▸ **SUPPLIED DATA**

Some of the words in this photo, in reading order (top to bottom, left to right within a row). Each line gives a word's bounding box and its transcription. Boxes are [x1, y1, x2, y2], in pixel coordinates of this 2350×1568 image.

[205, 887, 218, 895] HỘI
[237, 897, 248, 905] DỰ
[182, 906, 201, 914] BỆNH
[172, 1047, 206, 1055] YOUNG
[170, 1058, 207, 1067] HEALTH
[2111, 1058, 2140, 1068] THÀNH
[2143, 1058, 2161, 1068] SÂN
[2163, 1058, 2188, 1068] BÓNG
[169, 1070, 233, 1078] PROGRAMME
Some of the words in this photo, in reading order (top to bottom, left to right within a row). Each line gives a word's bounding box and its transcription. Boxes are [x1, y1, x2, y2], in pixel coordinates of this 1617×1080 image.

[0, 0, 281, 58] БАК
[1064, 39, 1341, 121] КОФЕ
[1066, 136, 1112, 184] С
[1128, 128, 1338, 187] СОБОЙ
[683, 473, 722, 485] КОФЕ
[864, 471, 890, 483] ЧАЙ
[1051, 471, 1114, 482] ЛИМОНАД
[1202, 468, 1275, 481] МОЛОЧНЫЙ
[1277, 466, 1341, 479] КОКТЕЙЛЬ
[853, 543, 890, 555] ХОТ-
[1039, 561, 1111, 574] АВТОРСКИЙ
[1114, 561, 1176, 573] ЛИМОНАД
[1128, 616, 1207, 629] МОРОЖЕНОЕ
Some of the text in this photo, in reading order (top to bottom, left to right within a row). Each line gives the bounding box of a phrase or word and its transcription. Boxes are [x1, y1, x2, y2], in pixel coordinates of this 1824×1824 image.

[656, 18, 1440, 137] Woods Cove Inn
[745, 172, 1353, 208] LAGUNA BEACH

▸ **EXERCISE BRIEF**
Would you please copy the material above exactly, with nothing left out?

▸ **REPLY TO THE EXERCISE**
Some of the words in this photo, in reading order (top to bottom, left to right within a row). Each line gives a word's bounding box and its transcription. Boxes are [x1, y1, x2, y2], in pixel coordinates of this 2350×1568 image.

[205, 887, 218, 895] HỘI
[237, 897, 248, 905] DỰ
[182, 906, 201, 914] BỆNH
[172, 1047, 206, 1055] YOUNG
[170, 1058, 207, 1067] HEALTH
[2111, 1058, 2140, 1068] THÀNH
[2143, 1058, 2161, 1068] SÂN
[2163, 1058, 2188, 1068] BÓNG
[169, 1070, 233, 1078] PROGRAMME
Some of the words in this photo, in reading order (top to bottom, left to right within a row). Each line gives a word's bounding box and its transcription. Boxes are [x1, y1, x2, y2], in pixel coordinates of this 1617×1080 image.

[0, 0, 281, 58] БАК
[1064, 39, 1341, 121] КОФЕ
[1066, 136, 1112, 184] С
[1128, 128, 1338, 187] СОБОЙ
[683, 473, 722, 485] КОФЕ
[864, 471, 890, 483] ЧАЙ
[1051, 471, 1114, 482] ЛИМОНАД
[1202, 468, 1275, 481] МОЛОЧНЫЙ
[1277, 466, 1341, 479] КОКТЕЙЛЬ
[853, 543, 890, 555] ХОТ-
[1039, 561, 1111, 574] АВТОРСКИЙ
[1114, 561, 1176, 573] ЛИМОНАД
[1128, 616, 1207, 629] МОРОЖЕНОЕ
Some of the text in this photo, in reading order (top to bottom, left to right within a row). Each line gives the bounding box of a phrase or word and its transcription. Boxes are [x1, y1, x2, y2], in pixel coordinates of this 1824×1824 image.

[656, 18, 1440, 137] Woods Cove Inn
[745, 172, 1353, 208] LAGUNA BEACH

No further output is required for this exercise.